WHAT IS REQUIRED ▸ Copy each line below exactly and leave the pictures out.

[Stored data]
- - - - -
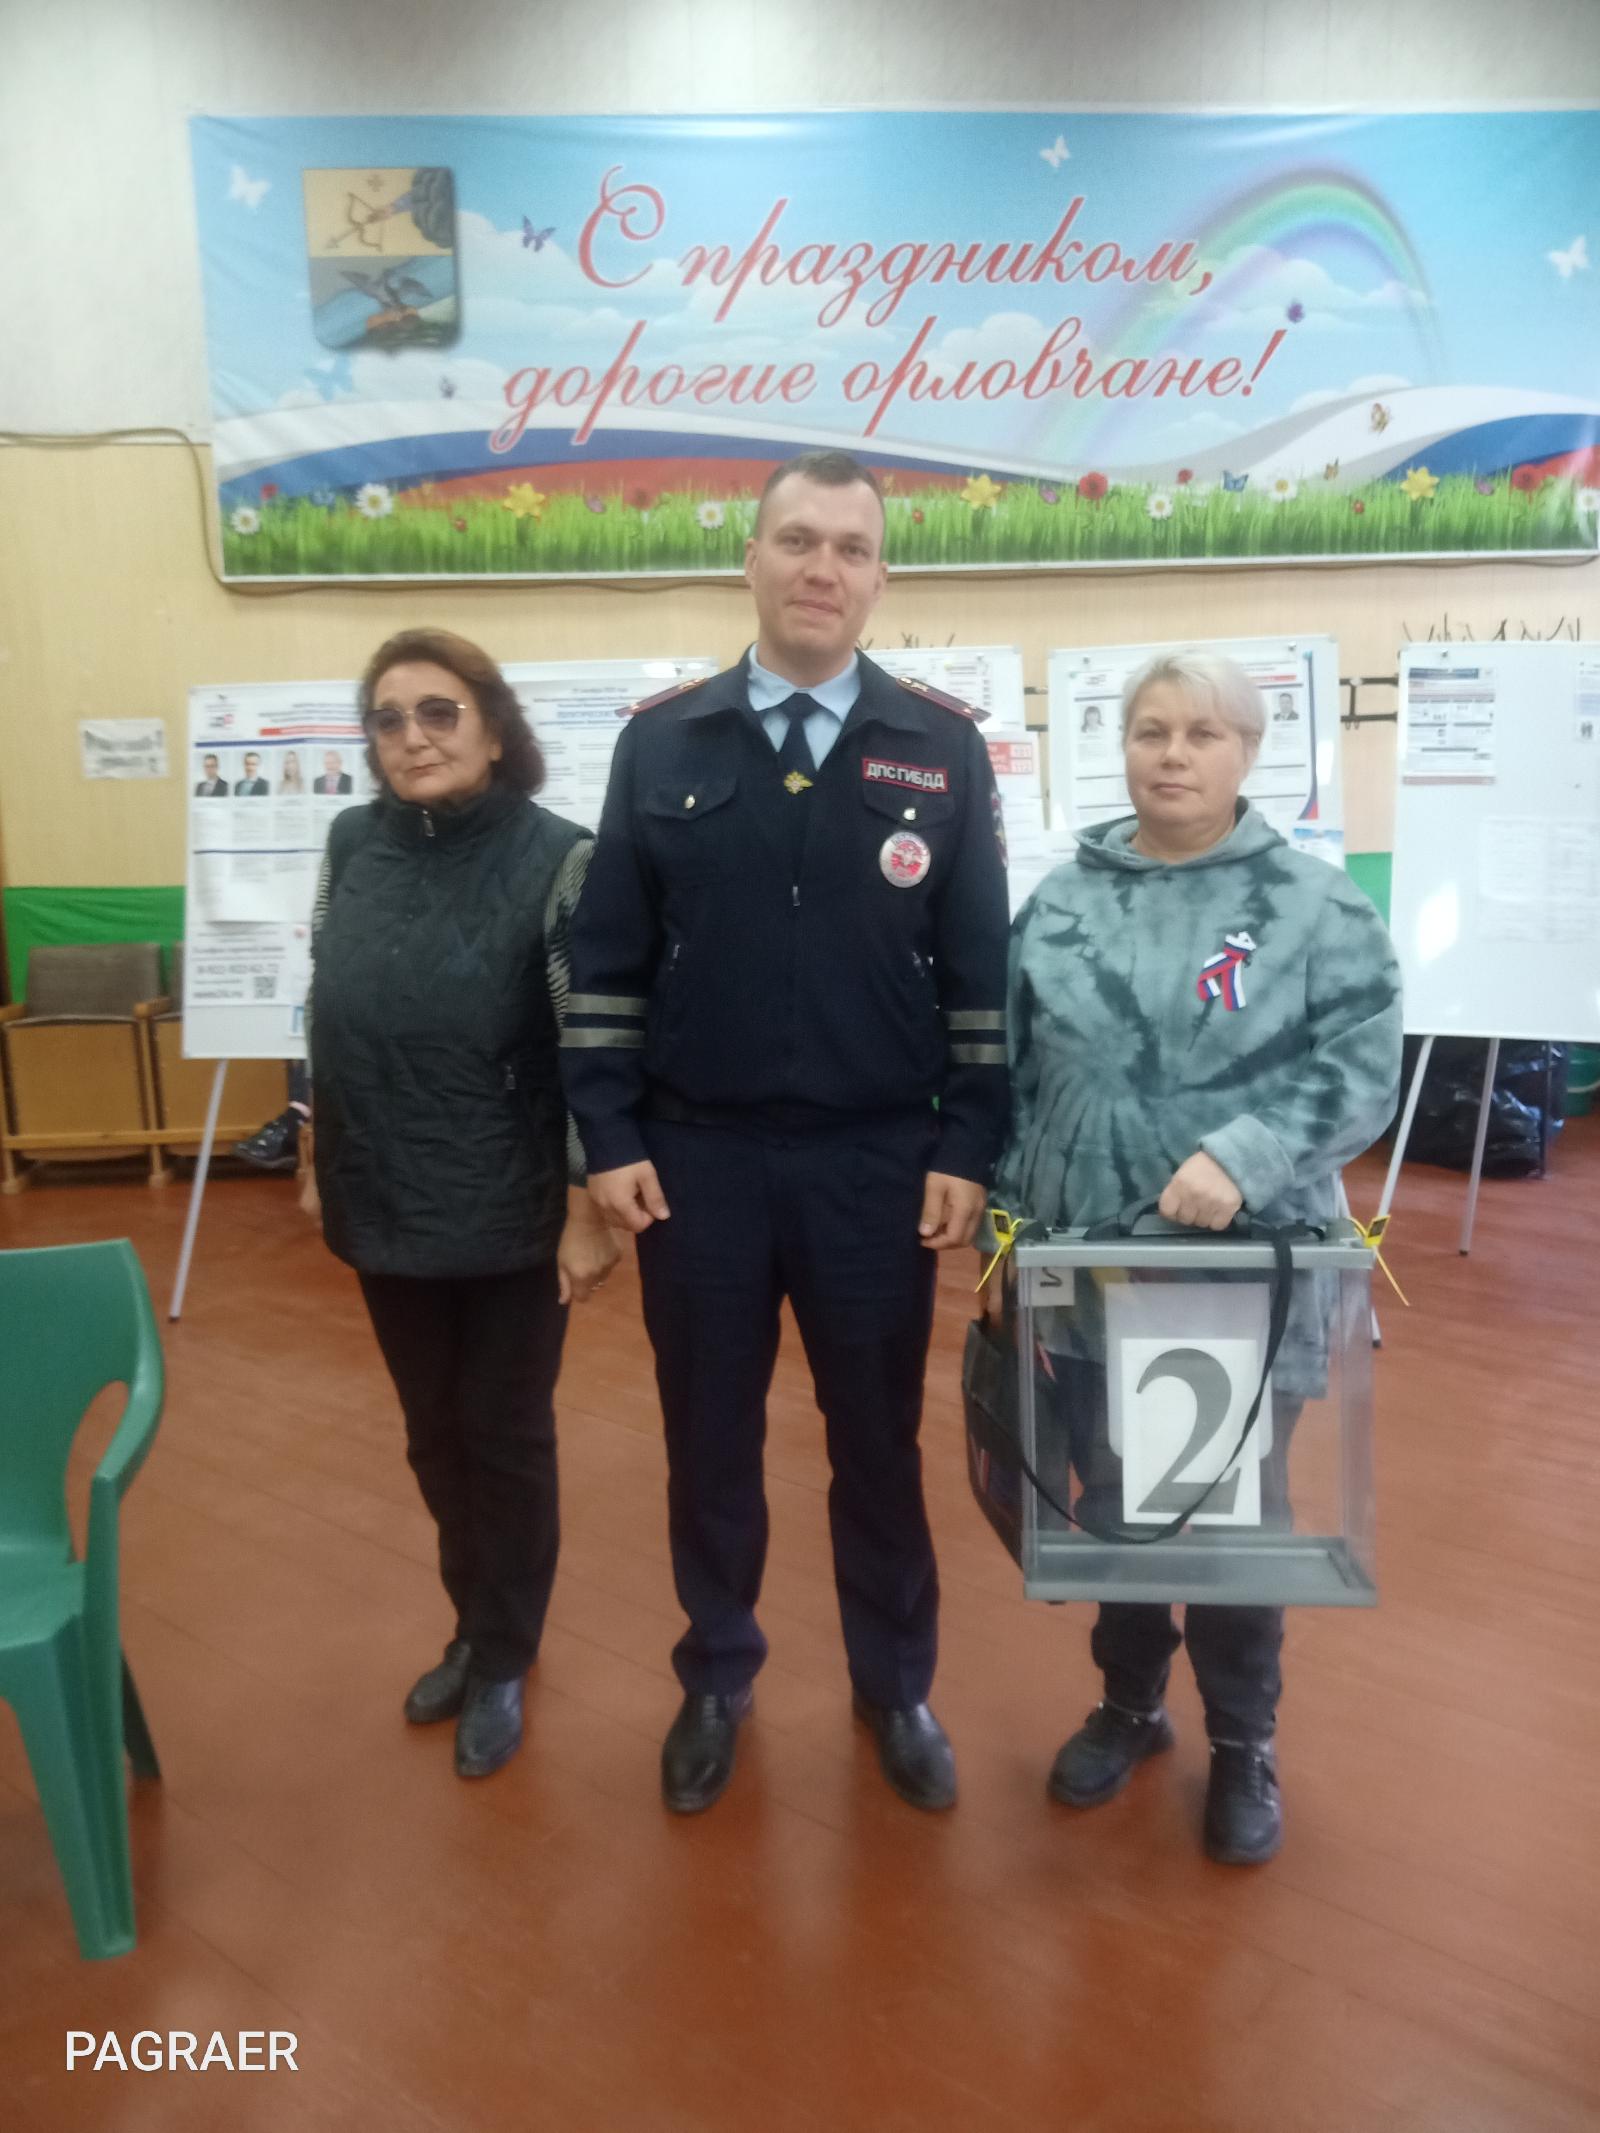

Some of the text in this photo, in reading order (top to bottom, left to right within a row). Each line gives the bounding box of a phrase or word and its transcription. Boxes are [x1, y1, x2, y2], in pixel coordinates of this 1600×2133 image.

[578, 166, 1215, 328] С праздником,
[488, 316, 1288, 454] дорогие орловчане!
[1136, 1347, 1241, 1514] 2
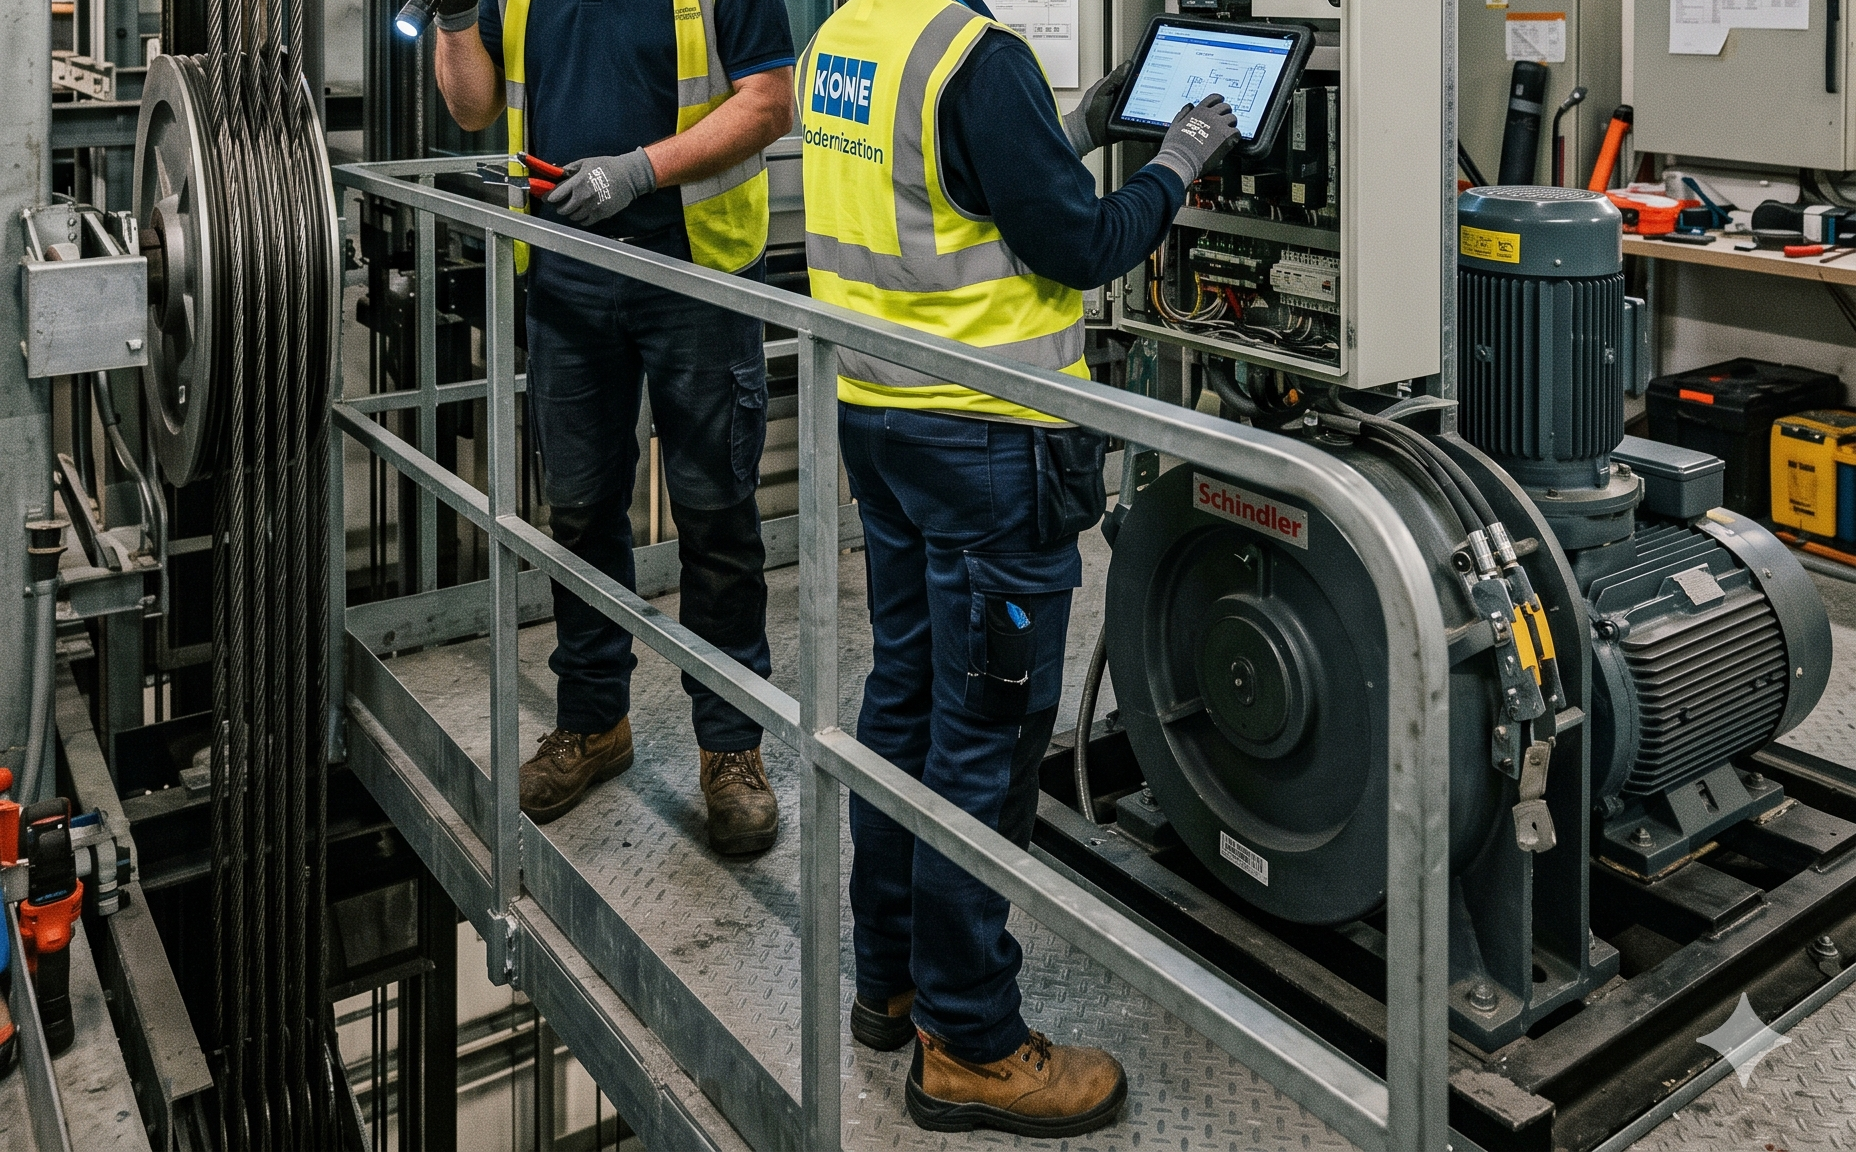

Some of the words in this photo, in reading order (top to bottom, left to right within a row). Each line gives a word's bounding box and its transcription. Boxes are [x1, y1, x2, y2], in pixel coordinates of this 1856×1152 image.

[814, 69, 871, 107] KONE
[803, 124, 883, 165] odernization
[1199, 482, 1302, 538] Schindler
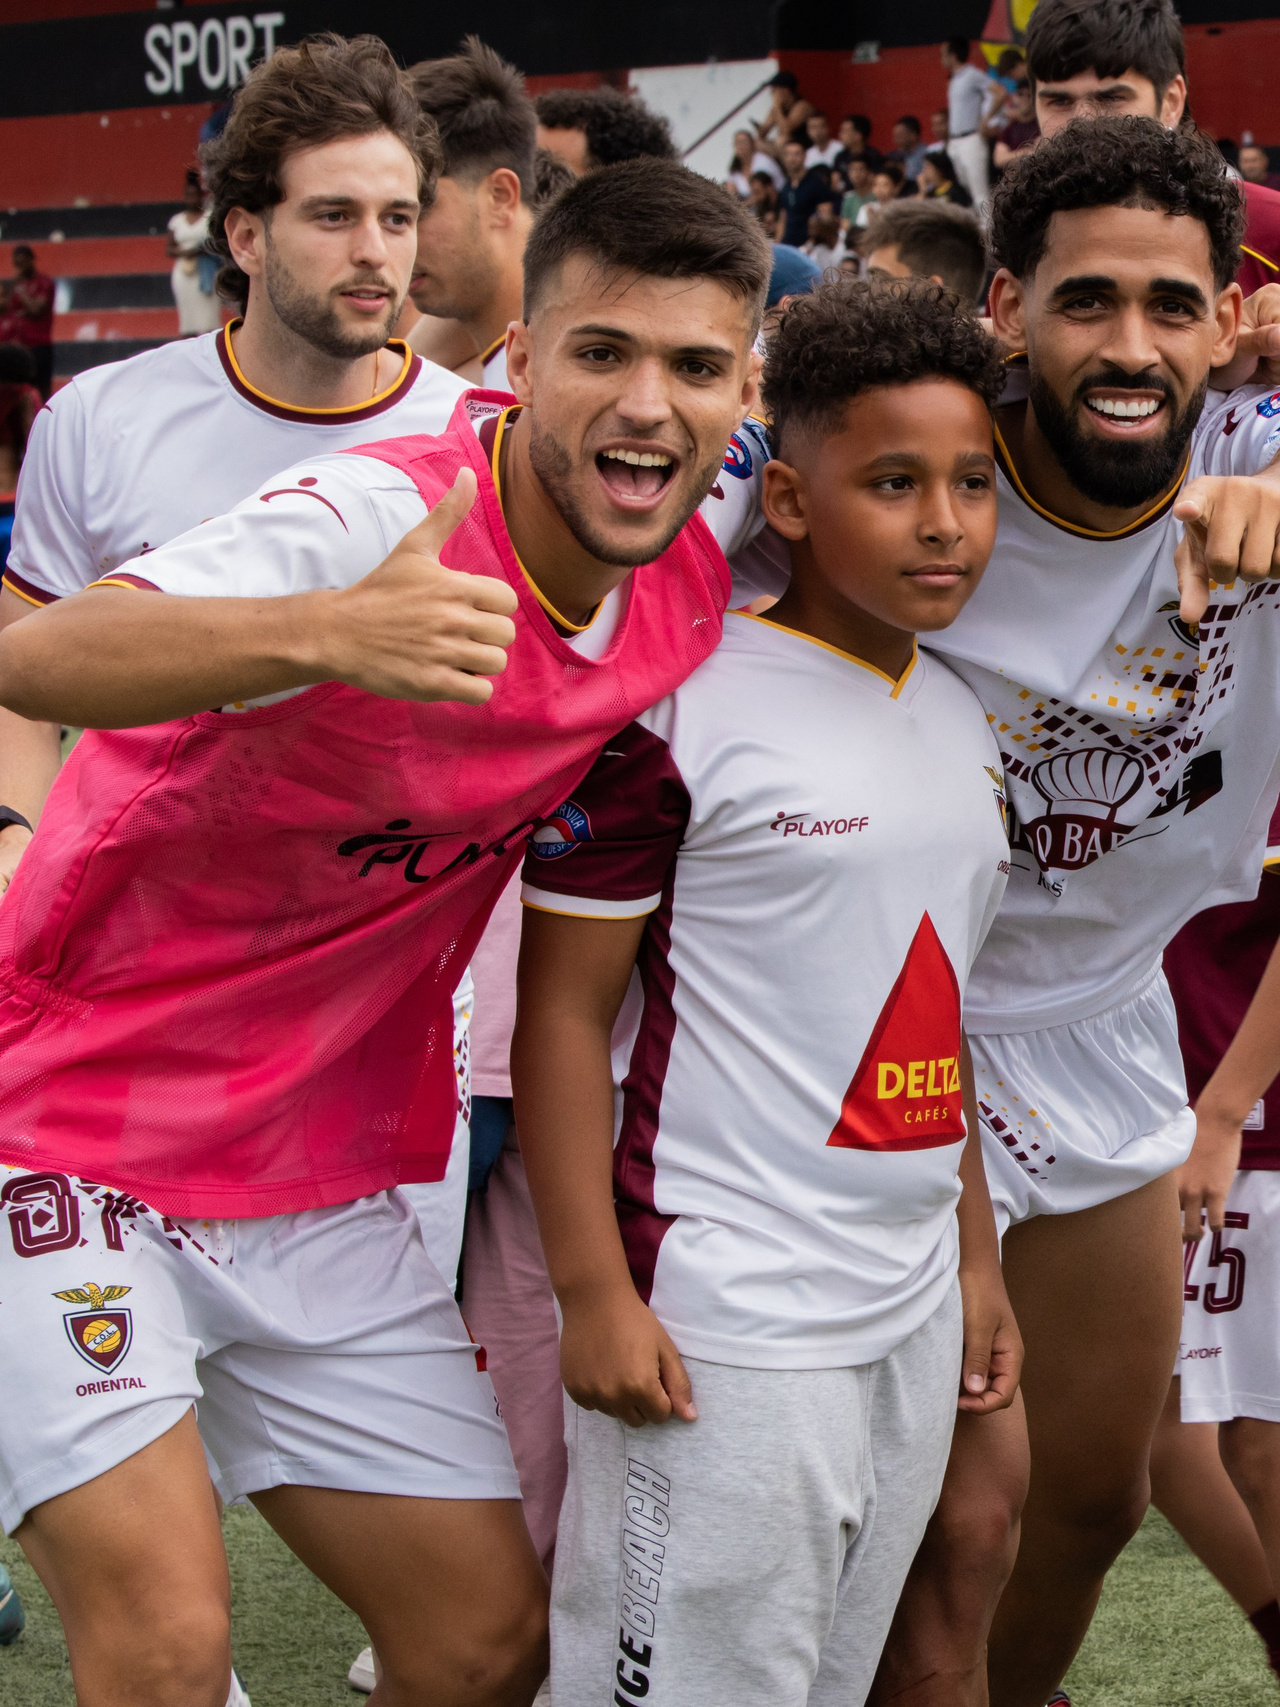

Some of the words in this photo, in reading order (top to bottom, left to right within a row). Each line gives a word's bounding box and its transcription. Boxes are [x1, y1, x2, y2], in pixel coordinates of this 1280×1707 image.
- - - - -
SOLUTION ▸
Some of the text in this photo, in reading order (top to bottom, left to right within a row). Each line gives the bounding box of a phrase or word and its transcription. Boxes are [x1, y1, x2, y2], in pixel coordinates of this 1600×2133 image.

[578, 166, 1215, 328] С праздником,
[488, 316, 1288, 454] дорогие орловчане!
[1136, 1347, 1241, 1514] 2

Some of the words in this photo, in reading order (top to bottom, left to right within a row). Each line gives a word's bounding box and its transcription. Boxes are [x1, y1, x2, y2], in pixel coordinates of this 1856×1152 image.

[814, 69, 871, 107] KONE
[803, 124, 883, 165] odernization
[1199, 482, 1302, 538] Schindler

Some of the words in this photo, in reading order (top to bottom, left to right within a row). Each line gives a word's bounding box and its transcription. Boxes are [x1, y1, x2, y2], in pixel coordinates of this 1280×1707 image.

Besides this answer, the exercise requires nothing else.